[Data for processing Boundary: Start]
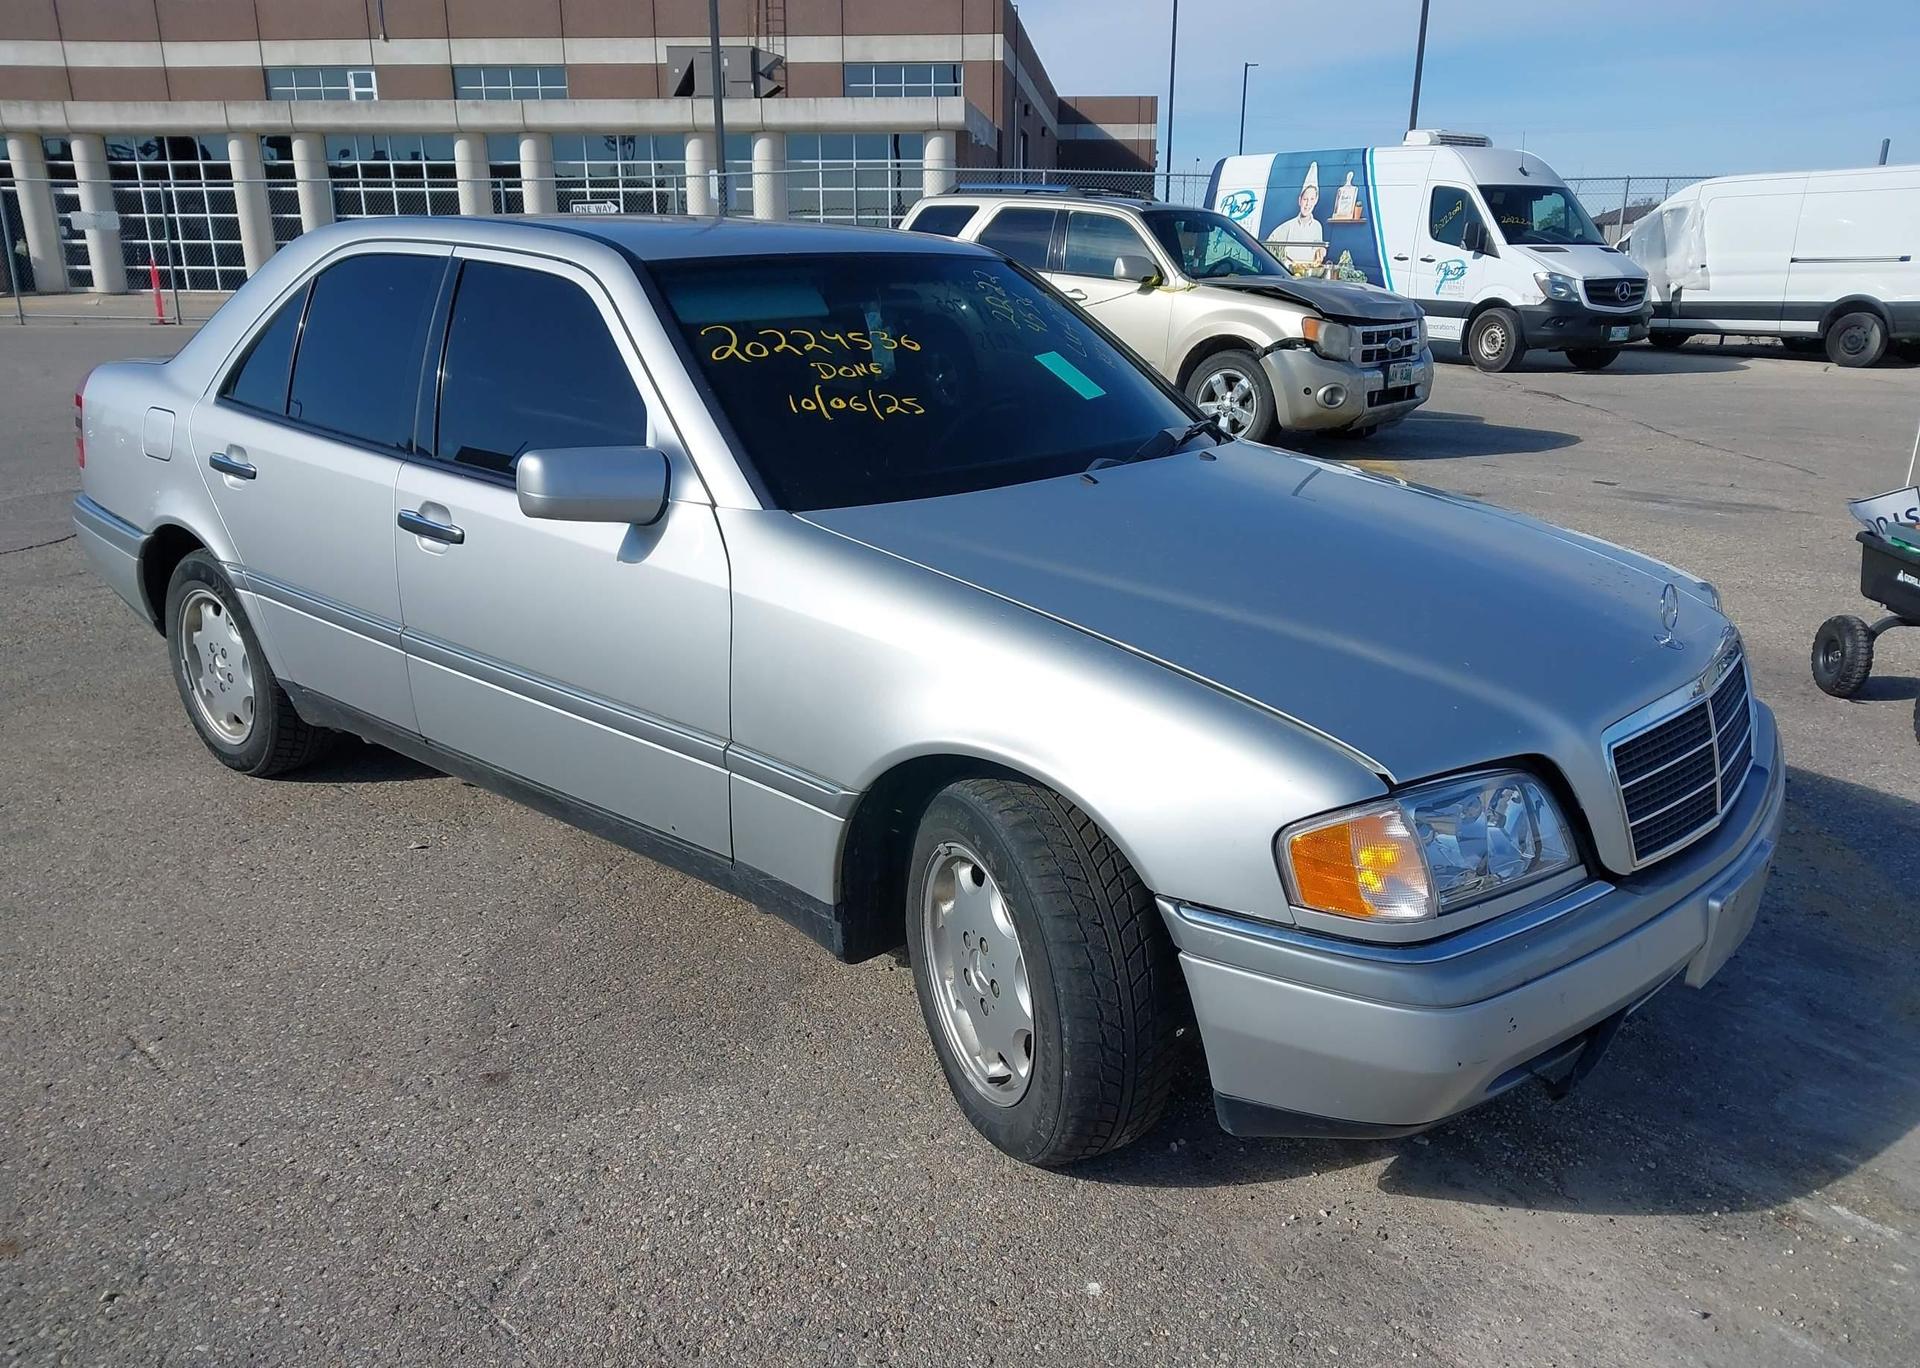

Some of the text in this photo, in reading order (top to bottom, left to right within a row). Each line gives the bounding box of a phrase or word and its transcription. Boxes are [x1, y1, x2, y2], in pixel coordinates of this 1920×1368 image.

[574, 204, 613, 213] ONE WAY
[699, 324, 922, 363] 20224536
[809, 361, 883, 381] DONE
[788, 384, 926, 422] 10/06/25
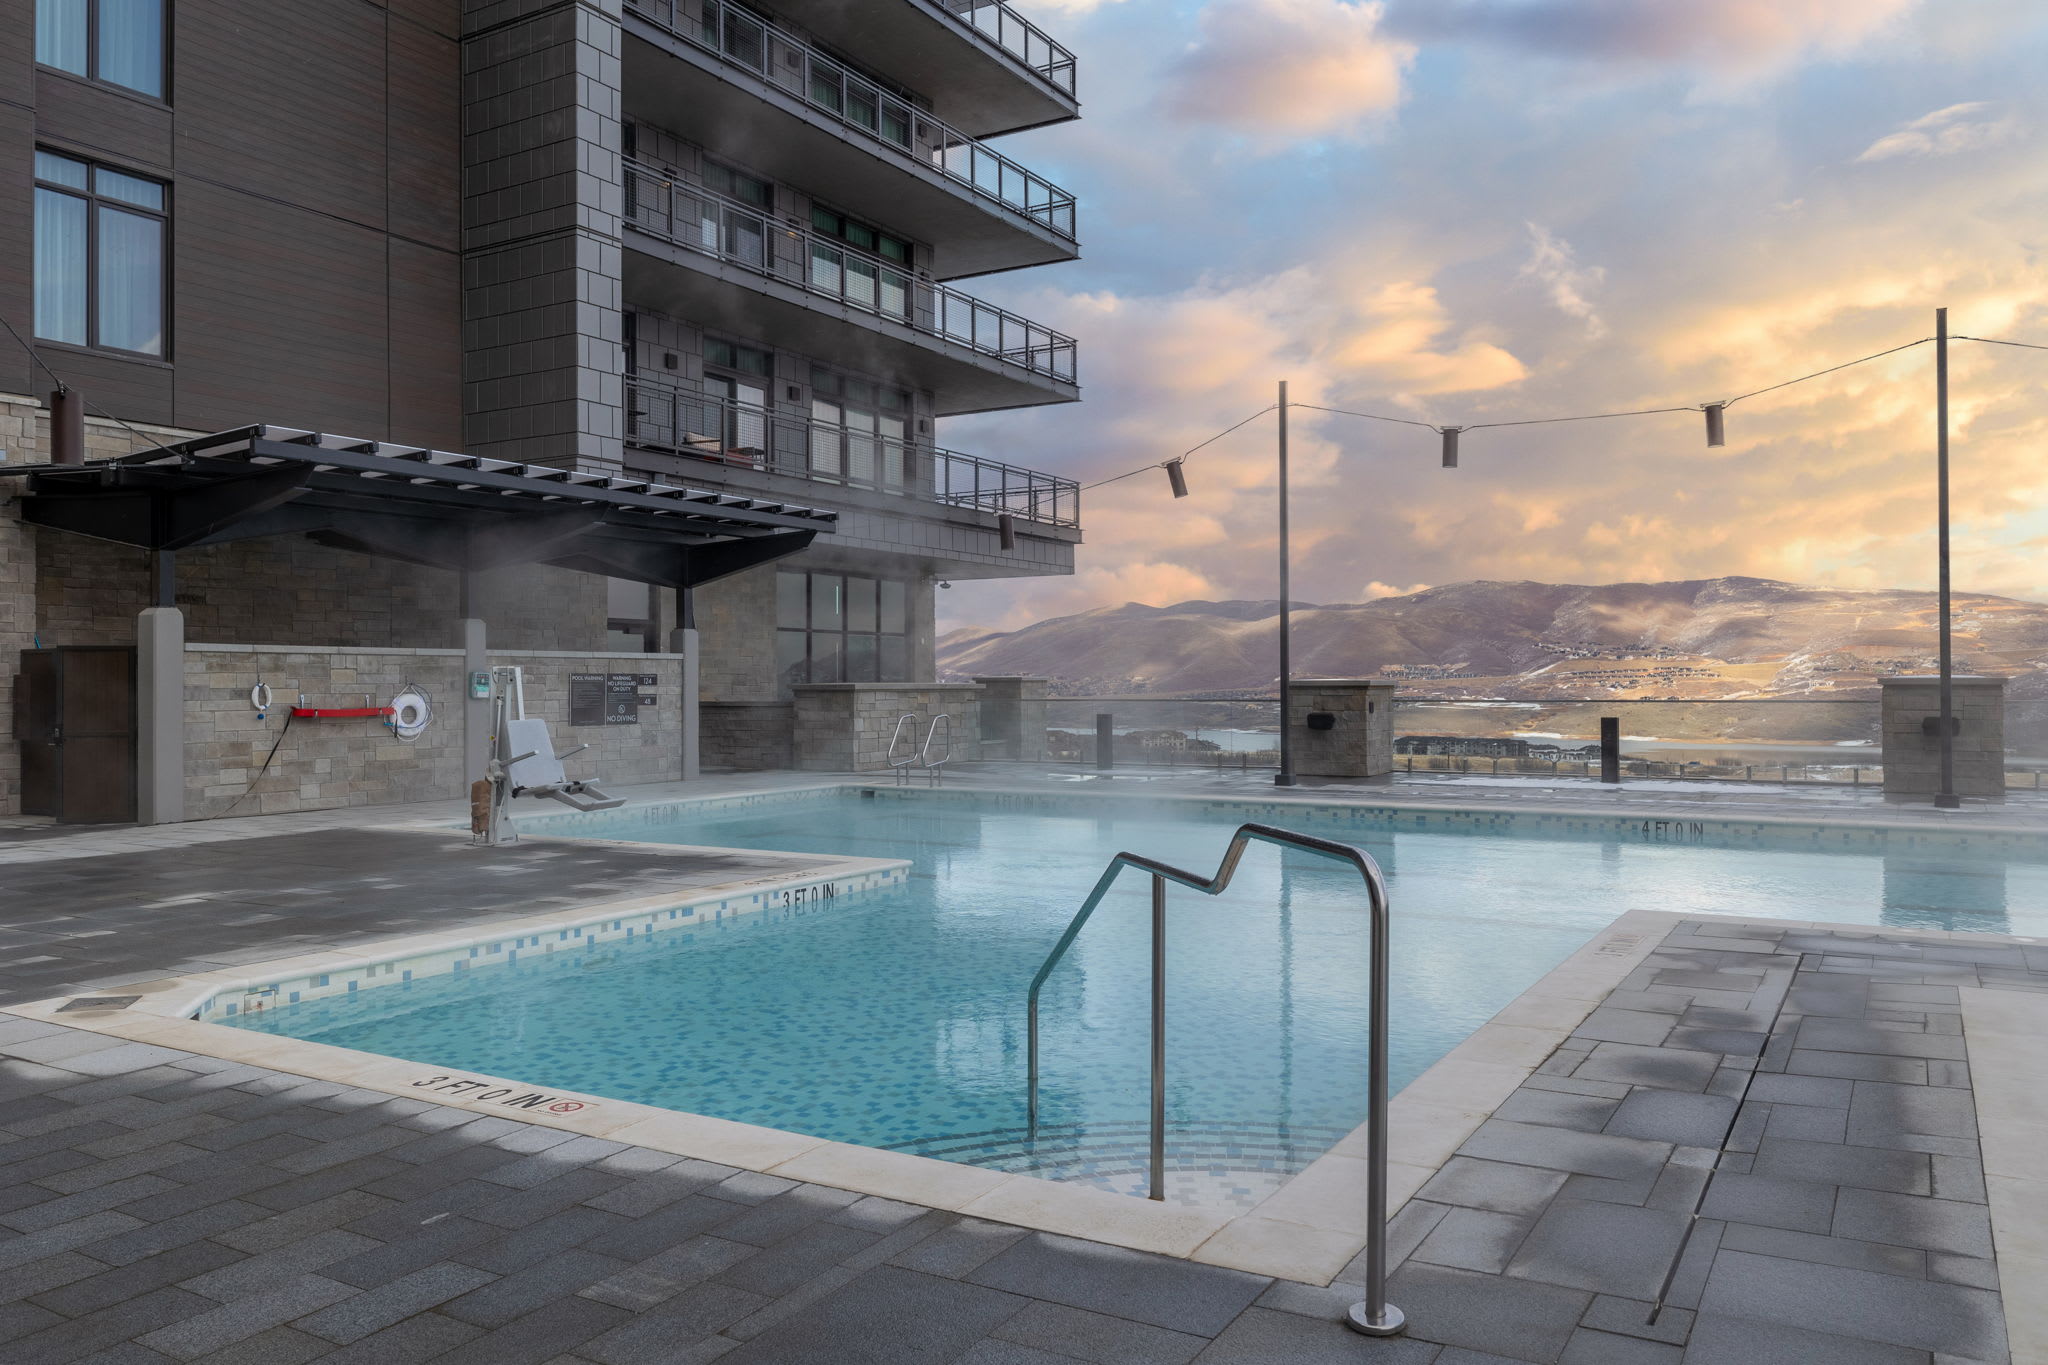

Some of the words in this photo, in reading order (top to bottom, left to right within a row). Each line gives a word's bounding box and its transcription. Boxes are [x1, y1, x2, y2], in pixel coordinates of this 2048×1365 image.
[Data for processing Boundary: End]
- **Instructions to follow**
Each line above gets copied exactly; leave the pictures out.

- **Task output**
Some of the text in this photo, in reading order (top to bottom, left to right within a row). Each line gives the bounding box of a phrase or word and its transcription. Boxes are [x1, y1, x2, y2], in pixel coordinates of this 1920×1368 image.

[574, 204, 613, 213] ONE WAY
[699, 324, 922, 363] 20224536
[809, 361, 883, 381] DONE
[788, 384, 926, 422] 10/06/25

Some of the words in this photo, in reading order (top to bottom, left to right within a row). Each line gives a word's bounding box and its transcription. Boxes are [x1, y1, x2, y2], in pixel coordinates of this 2048×1365 image.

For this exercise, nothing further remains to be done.